[[ DATA SUPPLIED, beginning ]]

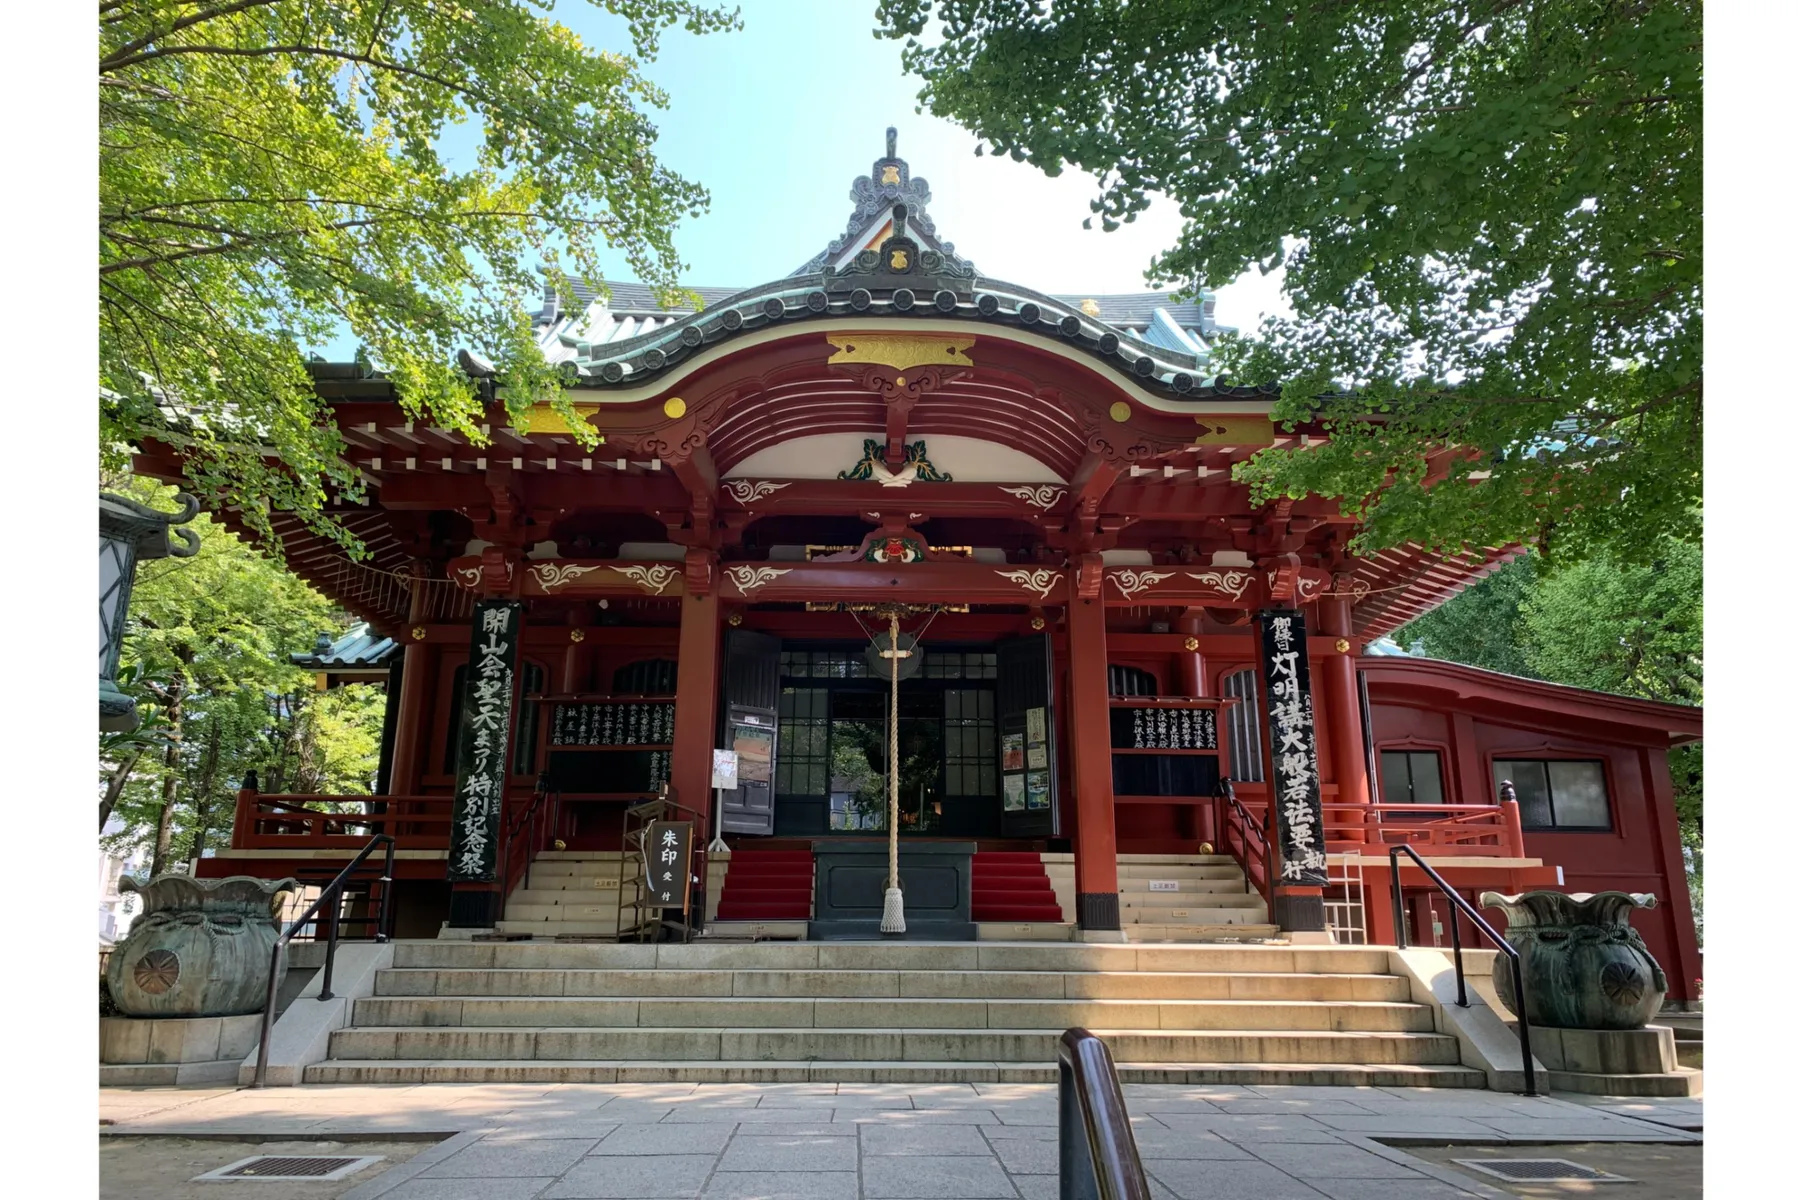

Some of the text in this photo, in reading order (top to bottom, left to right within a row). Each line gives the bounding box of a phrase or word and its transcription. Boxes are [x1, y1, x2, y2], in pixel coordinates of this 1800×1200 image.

[457, 608, 511, 874] 開山会聖天まつり特別記念祭
[661, 829, 679, 902] 朱印受付
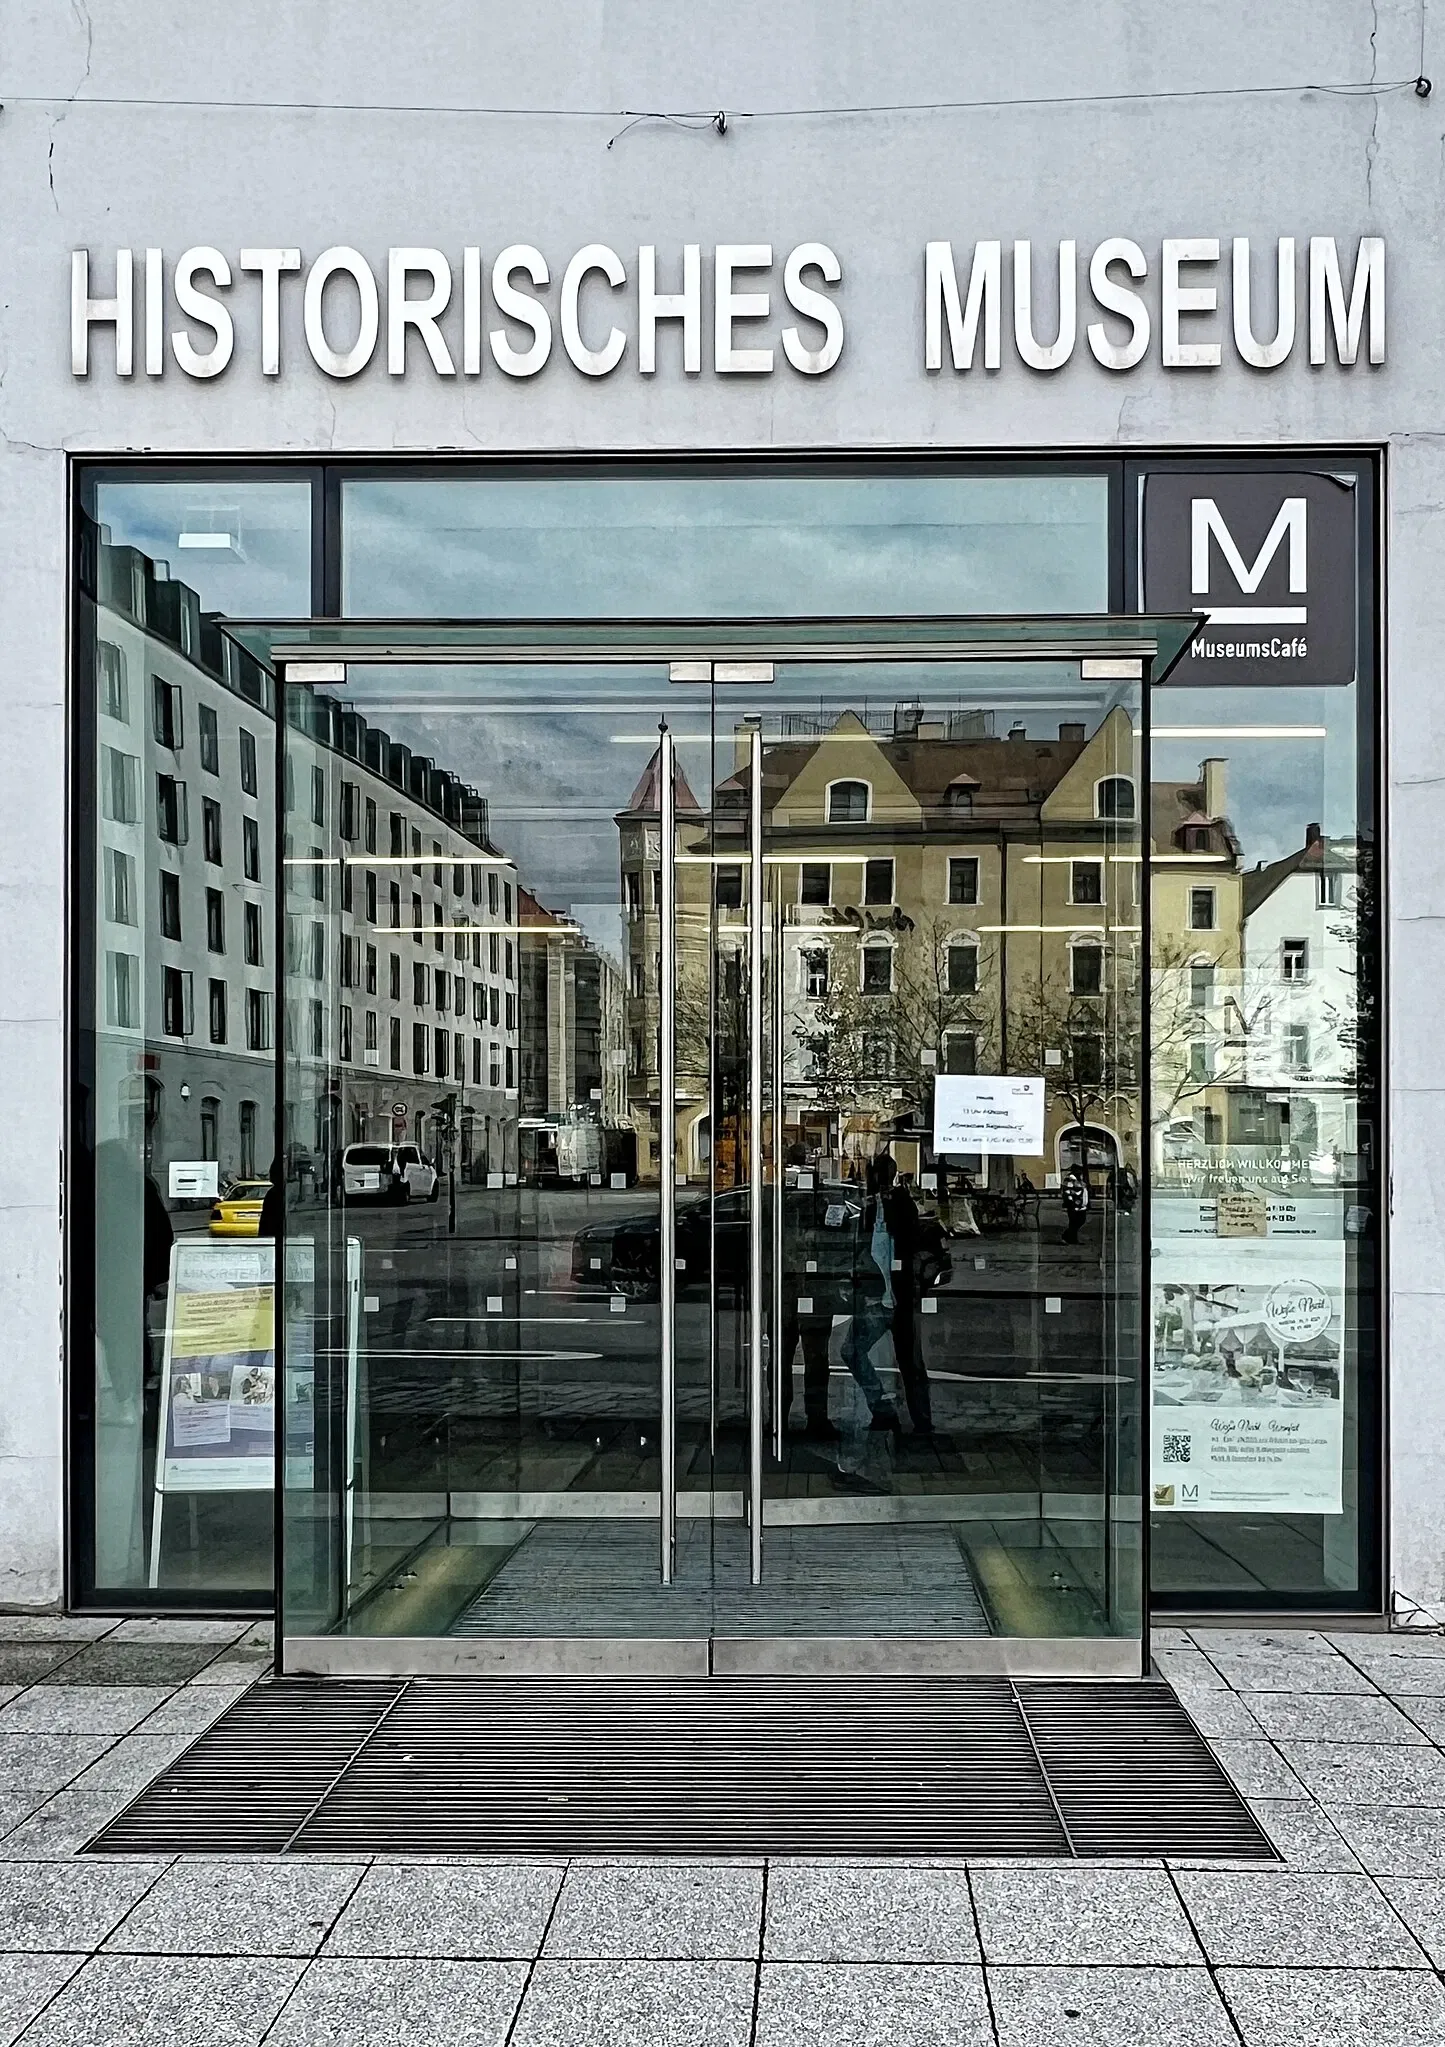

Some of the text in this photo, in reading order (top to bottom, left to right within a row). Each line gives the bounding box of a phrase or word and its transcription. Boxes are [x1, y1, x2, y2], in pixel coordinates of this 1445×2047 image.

[70, 235, 1386, 379] HISTORISCHES MUSEUM
[1191, 497, 1307, 594] M
[1191, 637, 1307, 658] MuseumsCafé
[1178, 1158, 1316, 1170] HERZLICH WILLKOME

[[ DATA SUPPLIED, end ]]

ACTIVITY
Starting with the line that contains "this 1445×2047 image.", restate every line up to and including the last one above, exactly.

SOLVED PROBLEM
Some of the text in this photo, in reading order (top to bottom, left to right within a row). Each line gives the bounding box of a phrase or word and its transcription. Boxes are [x1, y1, x2, y2], in pixel coordinates of this 1445×2047 image.

[70, 235, 1386, 379] HISTORISCHES MUSEUM
[1191, 497, 1307, 594] M
[1191, 637, 1307, 658] MuseumsCafé
[1178, 1158, 1316, 1170] HERZLICH WILLKOME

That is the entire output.